The sad thing is, from our current leaders we are unlikely to even hear any attempts at distancing us [UK] from the actions of the Americans. Just resigned indifference and the familiar chorus of 'move along, move along, nothing to see here.'
The media have picked this up, it remains to be seen if they will run with it.

White Phosphorus has been

White Phosphorus has been used in this way from World War 2 onwards, and has never been condemned as a "chemical weapon" before - it really is not at all the same as nerve gas.

What are the alternatives ? "ethical" high explosives and shrapnel or perhaps the new man portable Fuel/ Air or ThermoBaric "novel explosive" warheads ?

http://www.defensetech.org/archives/001944.html

The weasel words by the US Government spin doctors is, however similar to all the "we did not use Napalm, but a new , improved, more lethal formulation which technically is not Napalm, but which looks and acts similarly", which led to UK Ministers making misleading statements to Parliament.

As I have commented before,

As I have commented before, I agree. I don't think there are any 'good' or 'bad' weapons, if you have a legitimate target, anything goes. Which includes land mines, cluster bombs, softhead bullets etc. etc. IF you can aim them well enough to hit, and only hit, a legitimate target.

My only concerns in this case are:

1. Why did the US DoD feel it had to lie at first?
2. This was not an accurate delivery system, there were a lot of non-combatants in Fallujah (and other places since) so I don't think the use of WP was sensible even if it was legal. Which it may not have been if it wasn't being used to illuminate a battlefield.

WP has indeed been used in

WP has indeed been used in warfare since WWII, and it appears to have a legitimate use on the battlefield today, either to light things up or obsure things.
It is partly because of the terrible effects it's use had in the firestorms we rained down on Germany at the end of WWII, that it's use as an incendiary is so contentious.

It is not a proscribed chemical weapon, because it is not designed to be used against people. That is reflected in UK policy, and the conventional weapons treaty we are signed up to, but the US aren't.

However, if it is used against people [enemy combatants?], it sails very close to the general definitions as described in the post above.

In Fallujah, there were an unknown number of civillians, at unknown locations.
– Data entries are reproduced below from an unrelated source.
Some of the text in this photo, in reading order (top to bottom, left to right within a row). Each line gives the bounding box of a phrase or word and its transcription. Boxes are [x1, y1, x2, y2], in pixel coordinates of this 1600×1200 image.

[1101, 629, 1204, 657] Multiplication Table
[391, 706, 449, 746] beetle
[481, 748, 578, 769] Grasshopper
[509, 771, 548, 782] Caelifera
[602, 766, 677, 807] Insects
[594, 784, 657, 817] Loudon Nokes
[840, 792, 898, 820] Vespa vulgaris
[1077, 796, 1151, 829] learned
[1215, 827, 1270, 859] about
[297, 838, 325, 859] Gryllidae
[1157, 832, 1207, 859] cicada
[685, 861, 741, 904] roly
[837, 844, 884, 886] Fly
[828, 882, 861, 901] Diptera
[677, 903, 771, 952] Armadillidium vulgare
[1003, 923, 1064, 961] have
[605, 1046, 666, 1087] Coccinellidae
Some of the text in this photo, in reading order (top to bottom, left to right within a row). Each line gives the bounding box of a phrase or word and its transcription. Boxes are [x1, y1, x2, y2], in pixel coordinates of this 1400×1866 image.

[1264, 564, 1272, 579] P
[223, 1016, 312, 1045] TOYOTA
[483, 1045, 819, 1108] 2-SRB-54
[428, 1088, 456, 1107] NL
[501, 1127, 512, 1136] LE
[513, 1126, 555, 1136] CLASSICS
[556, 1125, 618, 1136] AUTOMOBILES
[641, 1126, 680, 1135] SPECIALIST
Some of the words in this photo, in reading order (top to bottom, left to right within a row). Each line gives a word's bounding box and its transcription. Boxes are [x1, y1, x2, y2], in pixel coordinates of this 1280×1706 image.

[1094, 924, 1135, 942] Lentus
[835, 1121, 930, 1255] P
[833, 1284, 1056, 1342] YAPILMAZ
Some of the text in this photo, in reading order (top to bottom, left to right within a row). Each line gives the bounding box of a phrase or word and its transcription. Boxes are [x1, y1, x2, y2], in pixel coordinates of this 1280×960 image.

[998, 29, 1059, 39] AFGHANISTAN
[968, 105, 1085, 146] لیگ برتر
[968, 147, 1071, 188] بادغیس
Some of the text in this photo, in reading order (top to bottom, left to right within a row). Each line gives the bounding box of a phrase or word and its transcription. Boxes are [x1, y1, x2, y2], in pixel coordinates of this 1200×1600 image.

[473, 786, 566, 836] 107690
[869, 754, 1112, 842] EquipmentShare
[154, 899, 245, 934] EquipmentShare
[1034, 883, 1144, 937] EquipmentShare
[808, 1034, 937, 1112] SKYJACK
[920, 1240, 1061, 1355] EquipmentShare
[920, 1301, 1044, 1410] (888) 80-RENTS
The indiscriminate use of WP munitions in these circumstances is a very different matter to either its uses to illuminate or obscure, or as an incendiary against the enemy ona battlefield.

This might have something to do with why the DoD has lied through it's hind teeth on the matter...

How would it's use by the Iraqis have been reported, if they had used it with the same justifications, against US positions in Iraqi towns during the war?